The Main Board of Directors receives periodic reports on the following aspects:

• earnings performance • market development

• management, personnel and organisational development • development of the overall risk situation and the Bank’s risk

exposure

In addition to the above, there will be periodic presentations of the Bank’s Score Card, which contains financial, organisational, market-related and quality-related targets.

Central business and other related areas are looked at at least once a year, when limits and guidelines are evaluated and agreed.

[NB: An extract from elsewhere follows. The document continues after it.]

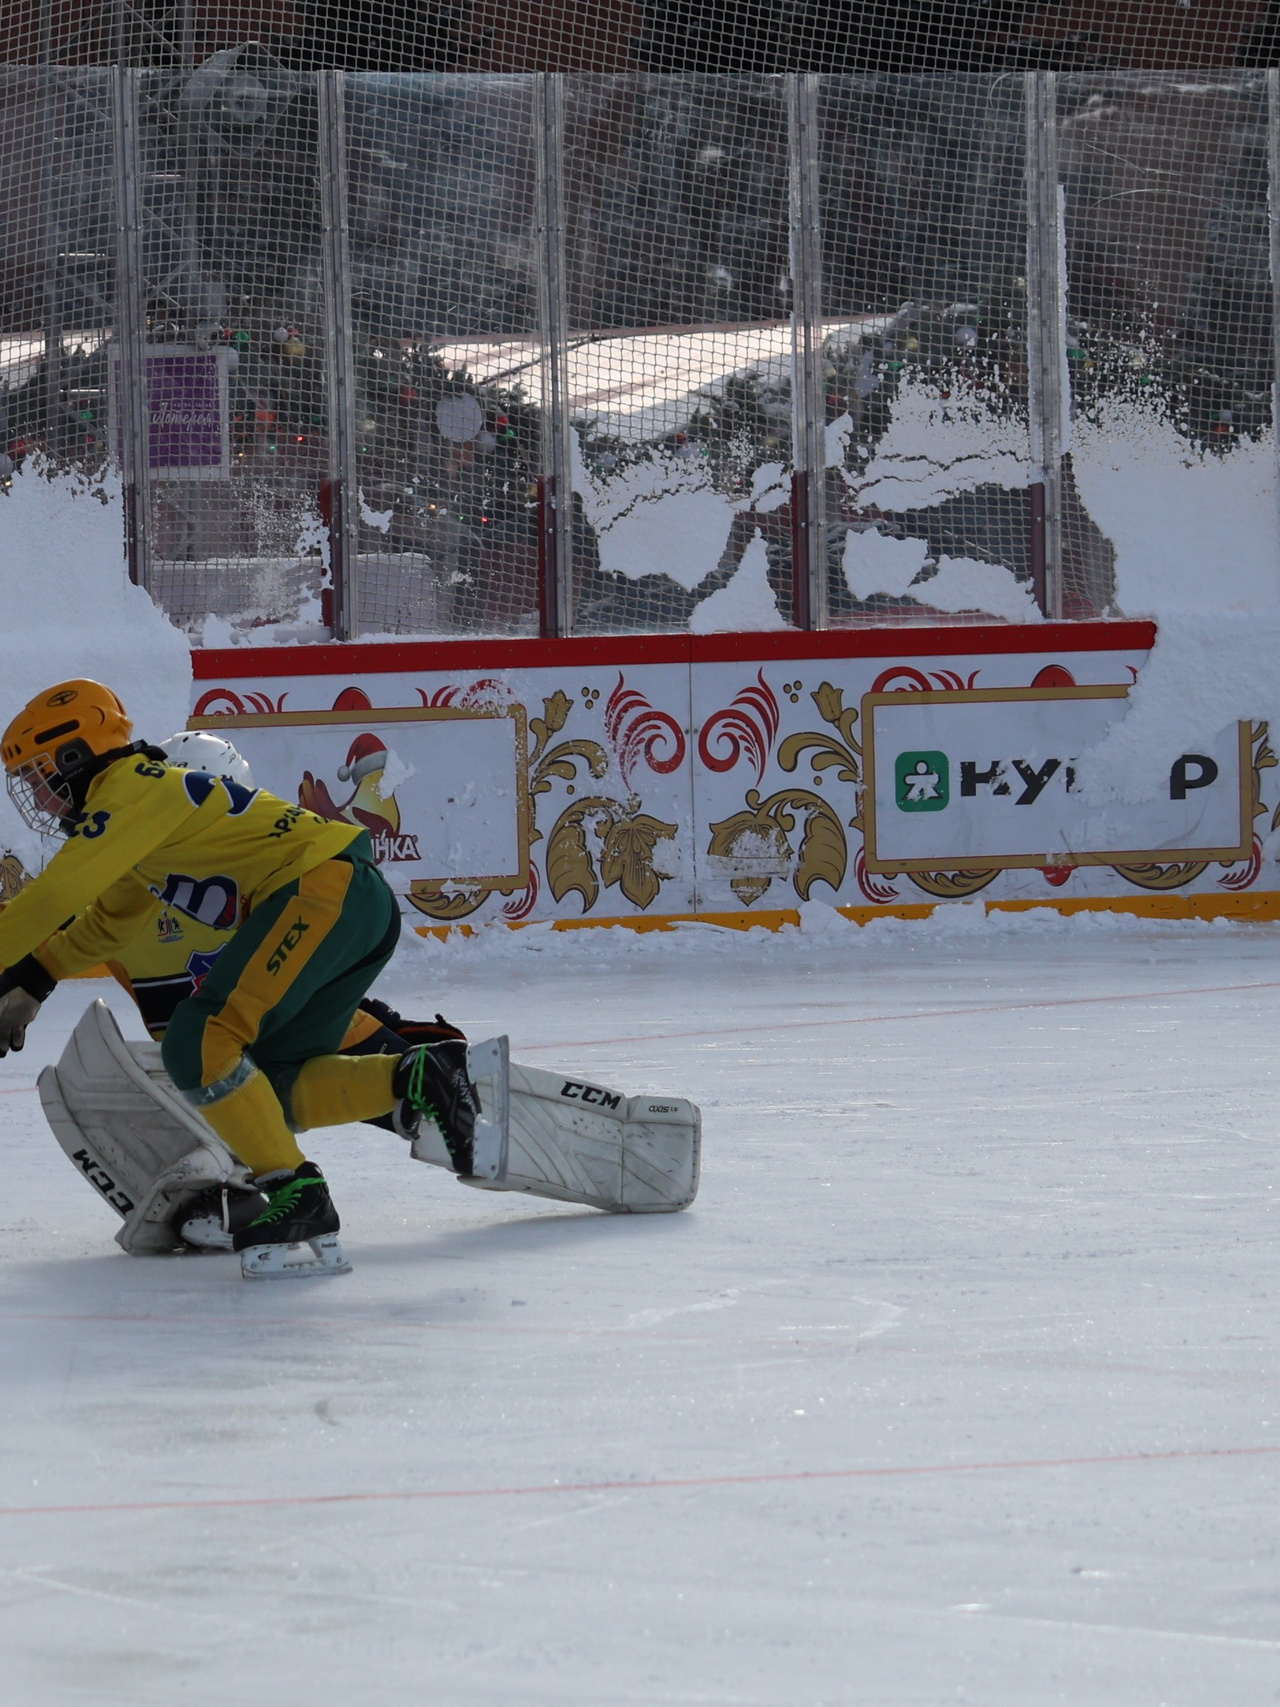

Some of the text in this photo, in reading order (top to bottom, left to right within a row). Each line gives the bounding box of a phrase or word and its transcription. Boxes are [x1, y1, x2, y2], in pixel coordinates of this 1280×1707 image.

Fees paid to members of the Bank’s Main Board of Directors Fees for the members of the Main Board of Directors are paid as a fixed amount per annum. The amount is fixed by the Bank’s Supervisory Board.

7.4 The CEO

The CEO is responsible for the day-to-day management of the Bank’s operations in accordance with applicable laws, by- laws, powers of attorney and instructions. His responsibility does not comprise matters which in relation to the Bank’s circumstances would be of an unusual nature or of great importance. Such matters are presented to the Main Board of Directors.

The CEO’s overall performance is assessed annually by the Main Board of Directors.